Smart speakers like Amazon Alexa can be controlled by users via voice commands and are very popular. However, these devices have to listen in all the time via microphone to see if they are being addressed. And how can you be sure that this device is really just doing what it's supposed to, and hasn't perhaps been hacked and spying on the user?

One technique to determine the integrity of another device is "remote attestation." Remote attestation techniques allow one device to verify that another device is OK. The System Security Group, in collaboration with researchers at TU Darmstadt, has developed a method under the DFG Collaborative Research Center CROSSING called "SCAtt-man" for users to attest smart speakers with their smartphones to determine if the software on the device is unchanged or if viruses or other malware have been installed. In a user study, the prototype was found to have high usability.
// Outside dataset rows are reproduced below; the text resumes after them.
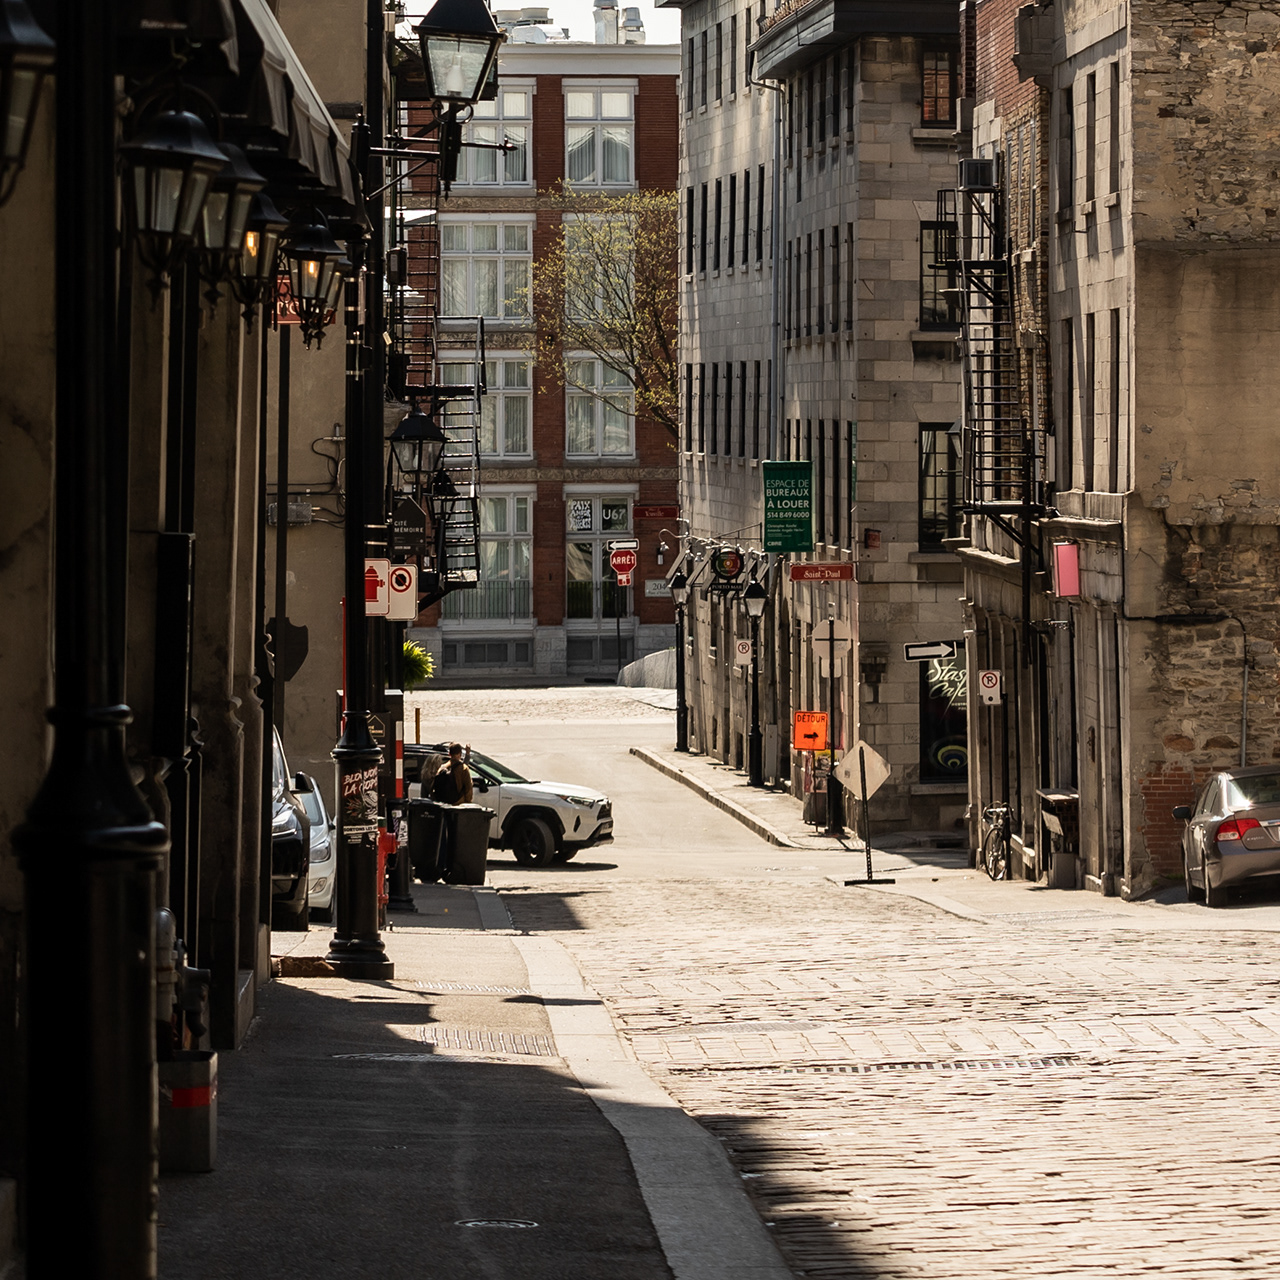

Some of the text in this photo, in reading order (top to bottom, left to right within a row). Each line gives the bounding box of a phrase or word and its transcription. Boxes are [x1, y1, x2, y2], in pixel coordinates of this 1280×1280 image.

[767, 498, 809, 508] À LOUER
[612, 556, 635, 565] ARRÊT
[803, 569, 841, 578] Saint-Paul
[926, 659, 968, 683] Stas
[797, 713, 826, 723] DÉTOUR
In addition, the subjects stated that this procedure increases their trust in smart speakers and that they would use it if this procedure were integrated into their smart speakers.

All further details can be found in the paper:
Surminski, S., Niesler, C., Linsner, S., Davi, L., & Reuter, C. (2023, April). SCAtt-man: Side-Channel-Based Remote Attestation for Embedded Devices that Users Understand. In Proceedings of the Thirteenth ACM Conference on Data and Application Security and Privacy (pp. 225-236).